TASK PROMPT — Nothing but the exact text of the entries should appear in your answer; pictures stay out.

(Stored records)
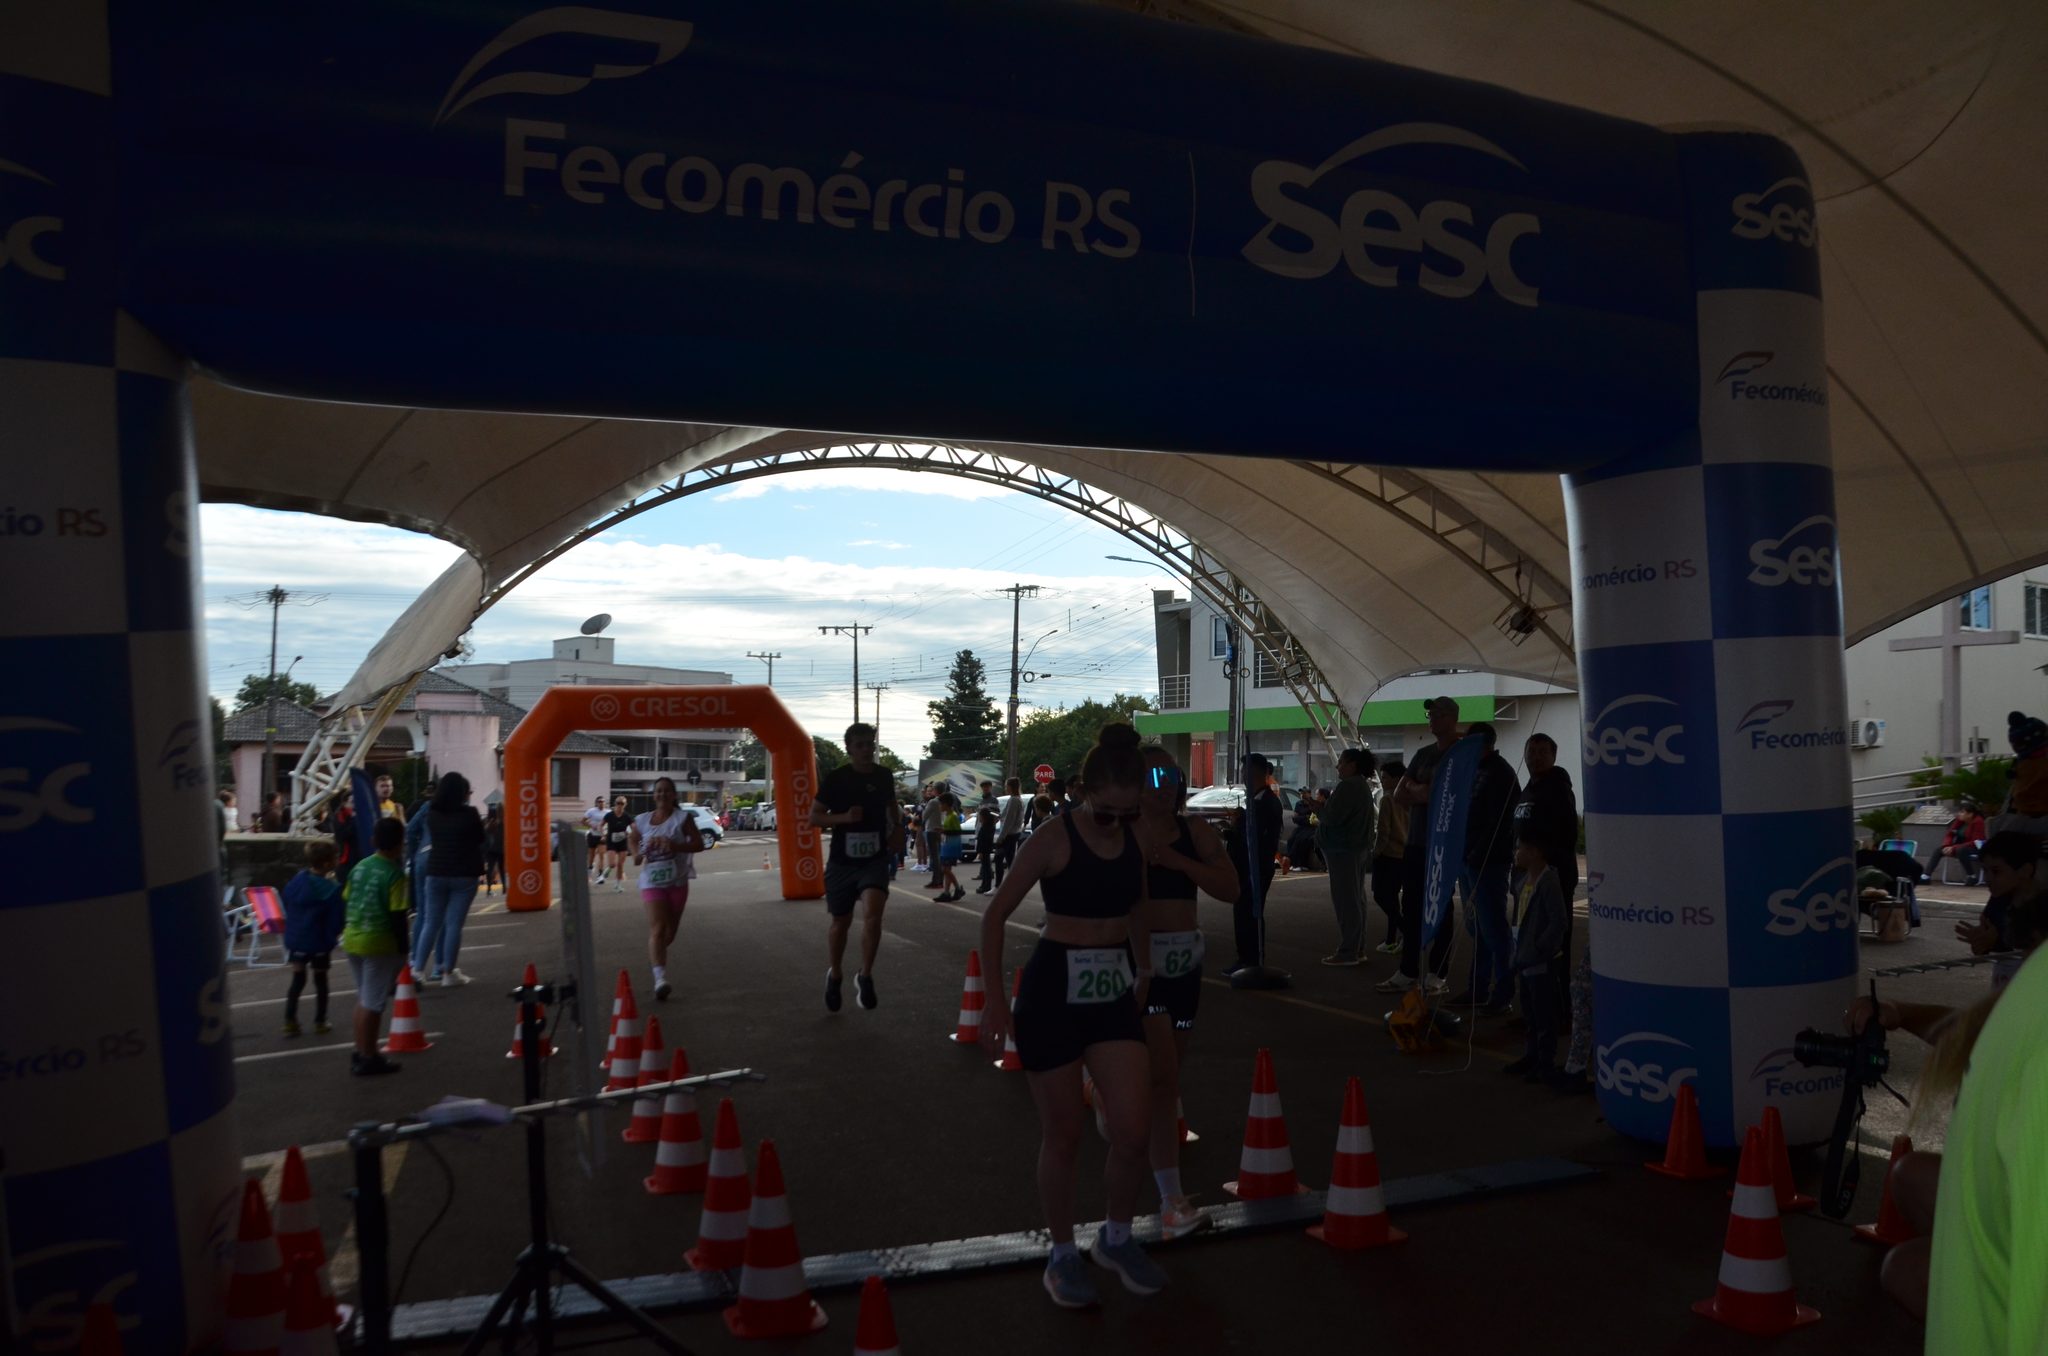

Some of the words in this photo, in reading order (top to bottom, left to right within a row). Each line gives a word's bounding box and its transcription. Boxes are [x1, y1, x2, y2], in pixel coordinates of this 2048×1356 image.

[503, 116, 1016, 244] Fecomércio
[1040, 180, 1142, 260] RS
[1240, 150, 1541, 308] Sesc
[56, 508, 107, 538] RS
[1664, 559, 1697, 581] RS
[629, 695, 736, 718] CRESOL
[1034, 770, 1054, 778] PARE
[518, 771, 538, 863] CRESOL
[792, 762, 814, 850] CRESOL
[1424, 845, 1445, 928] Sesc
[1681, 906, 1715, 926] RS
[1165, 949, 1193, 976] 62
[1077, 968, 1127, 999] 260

WORKED SOLUTION —
Some of the words in this photo, in reading order (top to bottom, left to right within a row). Each line gives a word's bounding box and its transcription. Boxes are [x1, y1, x2, y2], in pixel coordinates of this 2048×1356 image.

[503, 116, 1016, 244] Fecomércio
[1040, 180, 1142, 260] RS
[1240, 150, 1541, 308] Sesc
[56, 508, 107, 538] RS
[1664, 559, 1697, 581] RS
[629, 695, 736, 718] CRESOL
[1034, 770, 1054, 778] PARE
[518, 771, 538, 863] CRESOL
[792, 762, 814, 850] CRESOL
[1424, 845, 1445, 928] Sesc
[1681, 906, 1715, 926] RS
[1165, 949, 1193, 976] 62
[1077, 968, 1127, 999] 260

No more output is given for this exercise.